To do - Once the pictures are set aside, copy the data below exactly as it stands.

%%

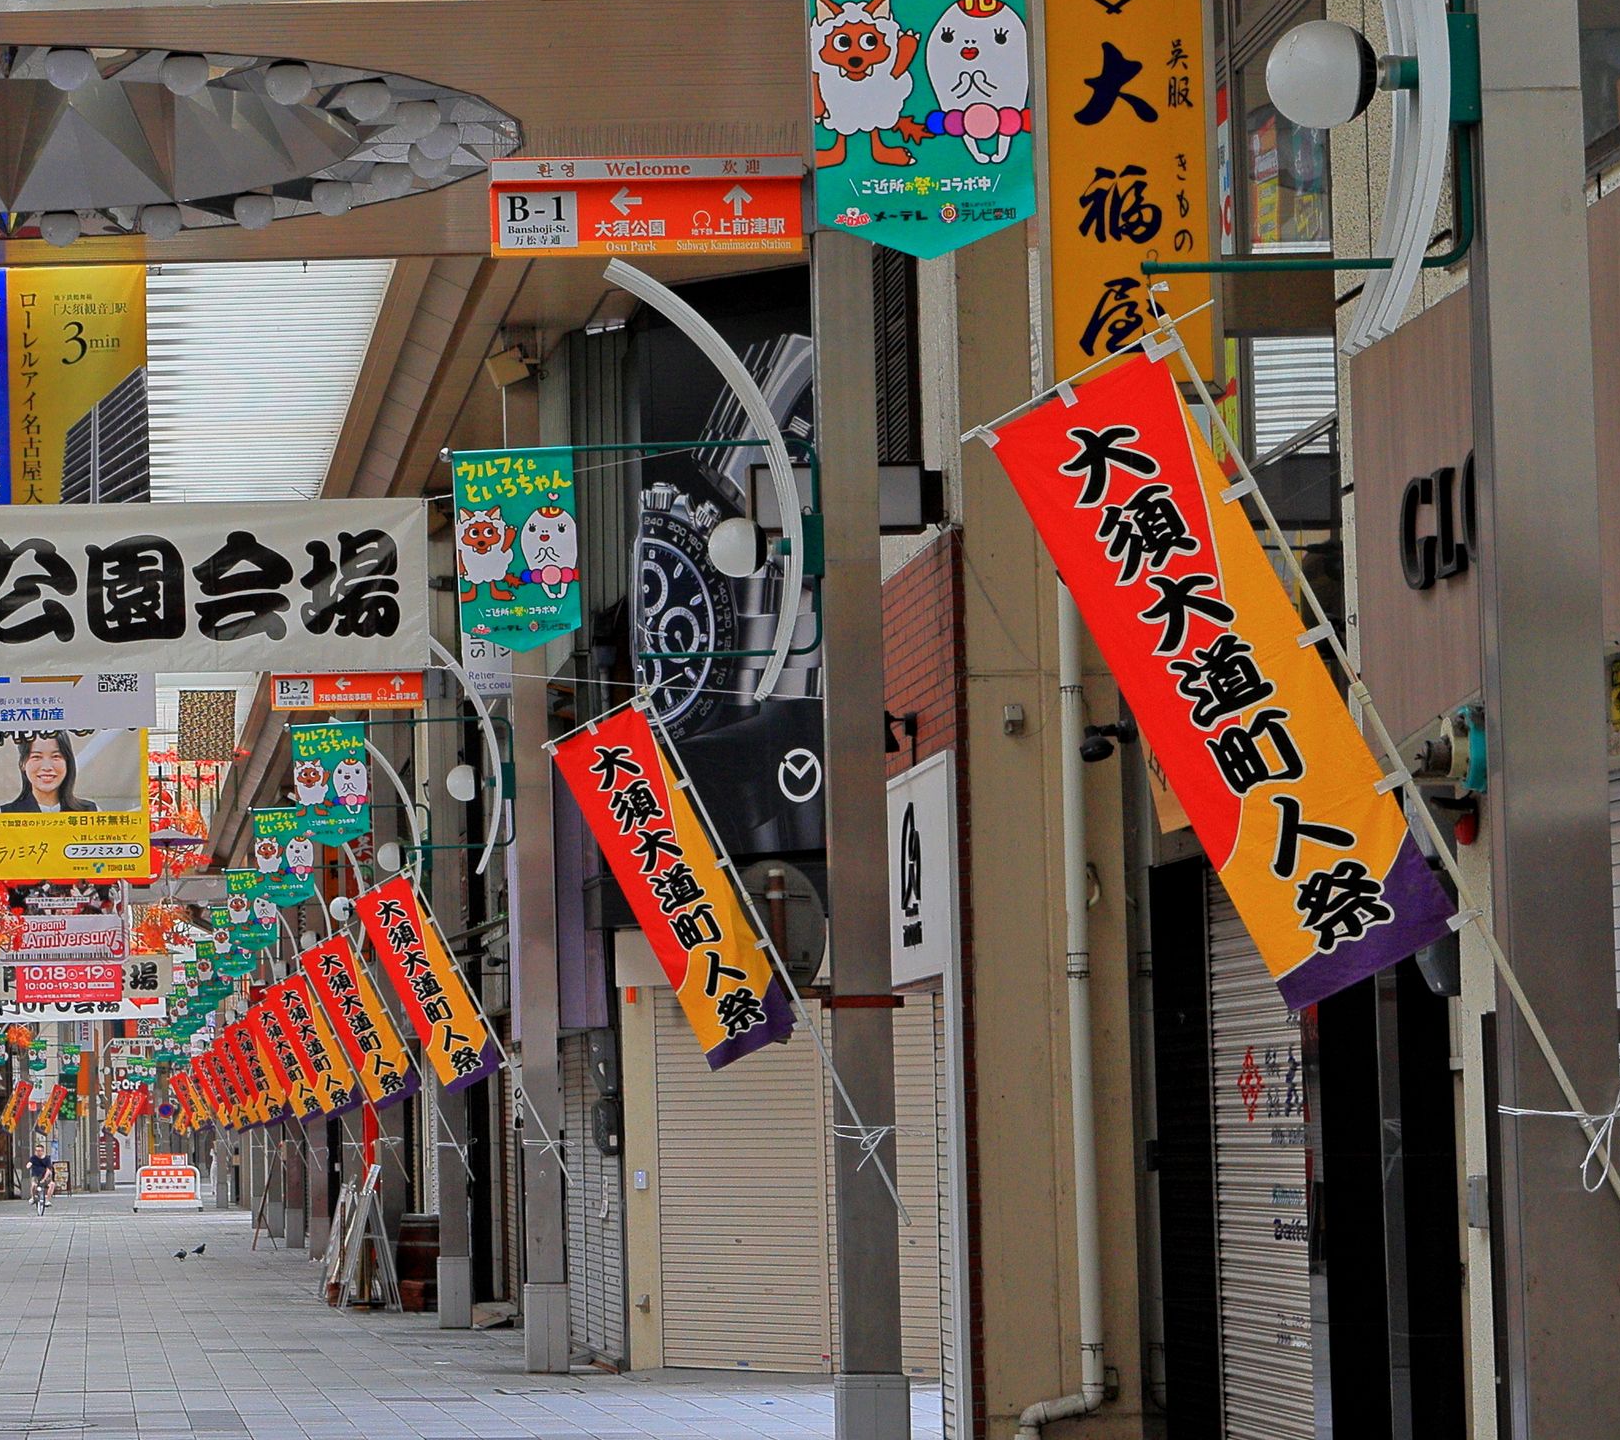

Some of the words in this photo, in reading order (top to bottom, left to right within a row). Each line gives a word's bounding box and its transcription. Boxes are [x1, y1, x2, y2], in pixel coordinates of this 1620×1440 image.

[605, 161, 692, 177] Welcome
[859, 175, 993, 197] ご近所お祭りコラボ中
[506, 195, 566, 223] B-1
[1073, 40, 1164, 359] 大福屋
[1171, 153, 1195, 255] きもの
[960, 207, 1018, 222] テレビ愛知
[507, 224, 570, 235] Banshoji-St.
[594, 218, 666, 238] 大須公園
[714, 217, 786, 236] 上前津駅
[514, 235, 562, 246] 万松寺通
[605, 241, 627, 252] Osu
[629, 240, 657, 252] Park
[676, 240, 709, 252] Subway
[710, 239, 760, 250] Kamimaezu
[761, 238, 792, 250] Station
[463, 471, 573, 504] といろちゃん
[643, 516, 664, 526] 240
[667, 521, 687, 537] 200
[279, 680, 310, 695] B-2
[1060, 421, 1398, 955] 大須大道町人祭
[298, 737, 364, 757] といろちゃん
[70, 847, 123, 855] フラノミスタ
[107, 864, 122, 872] TOHO
[123, 864, 136, 872] GAS
[589, 744, 769, 1041] 大須大道町人祭
[375, 898, 484, 1078] 大須大道町人祭
[319, 952, 406, 1097] 大須大道町人祭
[281, 990, 352, 1108] 大須大道町人祭

%%

Result of this exercise -
Some of the words in this photo, in reading order (top to bottom, left to right within a row). Each line gives a word's bounding box and its transcription. Boxes are [x1, y1, x2, y2], in pixel coordinates of this 1620×1440 image.

[605, 161, 692, 177] Welcome
[859, 175, 993, 197] ご近所お祭りコラボ中
[506, 195, 566, 223] B-1
[1073, 40, 1164, 359] 大福屋
[1171, 153, 1195, 255] きもの
[960, 207, 1018, 222] テレビ愛知
[507, 224, 570, 235] Banshoji-St.
[594, 218, 666, 238] 大須公園
[714, 217, 786, 236] 上前津駅
[514, 235, 562, 246] 万松寺通
[605, 241, 627, 252] Osu
[629, 240, 657, 252] Park
[676, 240, 709, 252] Subway
[710, 239, 760, 250] Kamimaezu
[761, 238, 792, 250] Station
[463, 471, 573, 504] といろちゃん
[643, 516, 664, 526] 240
[667, 521, 687, 537] 200
[279, 680, 310, 695] B-2
[1060, 421, 1398, 955] 大須大道町人祭
[298, 737, 364, 757] といろちゃん
[70, 847, 123, 855] フラノミスタ
[107, 864, 122, 872] TOHO
[123, 864, 136, 872] GAS
[589, 744, 769, 1041] 大須大道町人祭
[375, 898, 484, 1078] 大須大道町人祭
[319, 952, 406, 1097] 大須大道町人祭
[281, 990, 352, 1108] 大須大道町人祭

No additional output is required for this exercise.